PCA’s design for a centre for contemporary art signals the emergence of the new creative pole in Eastern Europe.

PCA’s design for a centre for contemporary art signals the emergence of the new creative pole in Eastern Europe.

It was a red letter day for Ukrainian contemporary art when the Pinchuk Art Center opened its doors to visitors last September. Its owner, Victor Pinchuk, one of the wealthiest Ukrainian oligarchs, has consistently promoted himself as a patron of the avant-garde during the last couple of years. Besides comprehensive exhibitions, the most important enterprise of Pinchuk’s „Contemporary Art in Ukraine“ Foundation was the formation of an art collection, which by now comprises a considerable number of works by talented Ukrainian and international artists (Sarah Morris, Olafur Eliasson, Oleg Kulik, Olexandr Gnilitsky, Carsten Holler, Arsen Savadov and many others). Pinchuk initially planned to establish a museum in the Arsenal – a huge tsarist military complex built in the 18th century. However, after the Orange Revolution he was ostracized by the new government. The competition for the reconstruction of the Arsenal, won by the Foundation, was cancelled and they had to look for another location. Finally, the Foundation bought six floors in a recently restored group of eclectic buildings near Besarabka, the old marketplace in the centre of Kiev.
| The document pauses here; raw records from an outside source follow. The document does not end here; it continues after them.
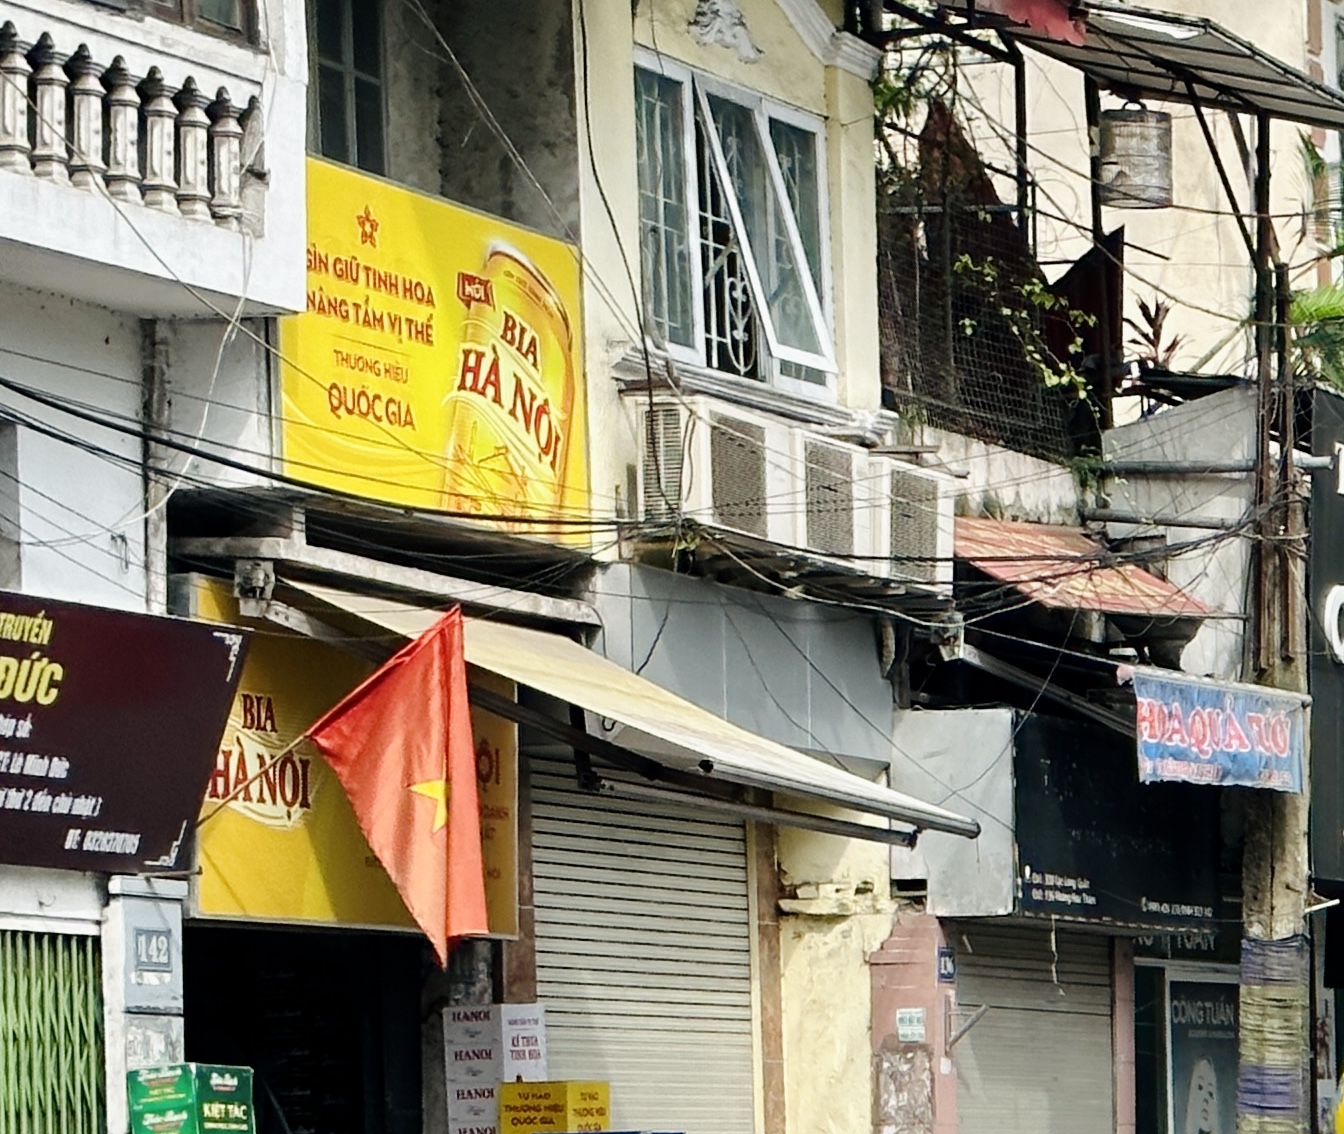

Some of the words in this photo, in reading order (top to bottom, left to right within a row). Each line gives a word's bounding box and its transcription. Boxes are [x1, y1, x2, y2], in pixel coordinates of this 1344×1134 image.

[307, 286, 350, 321] NÂNG
[363, 267, 399, 296] TINH
[403, 277, 436, 309] HOA
[500, 310, 541, 373] BIA
[328, 381, 384, 425] QUỐC
[385, 398, 416, 433] GIA
[457, 342, 505, 408] HÀ
[508, 372, 562, 473] NỘI
[241, 693, 278, 734] BIA
[209, 733, 251, 802] HÀ
[137, 934, 169, 963] 142
[454, 1049, 493, 1061] HANOI
[203, 1102, 226, 1120] KIỆT
[227, 1102, 247, 1120] TÁC
[456, 1088, 494, 1100] HANOI
The museum debuted with an exhibition of selected works from its permanent collection under the title „New Space“, a designation that reflected not only the quality of the exhibited works, but also the building’s standout interior design by French architect Philippe Chiambaretta. The main aim of Chiambaretta’s design was, understandably, maximum dissociation from the building’s artificial appearance. This was achieved by considerable alterations which allowed for the addition of one more floor behind the historical facade. The architect explains: „The rebuilt staircase leading to the Foundation space allows us to understand this intervention – the staircase landings do not match the windows – so that the old facade looks like a film set, detached from the floors themselves.“ In addition to this, the existing route between floors – via three stairs and two elevators – was abandoned. Instead, two new interior stairs were created in order to facilitate circulation. Technical equipment was hidden in a new, one-metre-thick central wall that divides the plateau in two. Electricity, air conditioning and ducting run through this spine, simplifying distribution to the exhibition halls on either side.

The sense of entering another reality is strengthened by the almost sterile purity of interior in contrast to the colourful and decorated exterior of the building. The only areas of congruence are the alcoves corresponding to the former floors. Covered by vivid wallpaper designed by Michael Lin, a Taiwanese artist who lives in Paris, they are the only spaces in the museum that hint at the external reality.

Reactions to Chiambaretta’s design vary. An Austrian architect, to whom I showed the museum as a rare example of contemporary architecture in Kiev, commented: „there is too much design“. Indeed, in the café on the seventh floor one finds a kind of Zaha Hadid space. But it would be a mistake to see specific elements of design, such as the deformed grid of the main staircase and the metal panels on the walls and window sills, as mere decoration, since they derived directly from the logic of design.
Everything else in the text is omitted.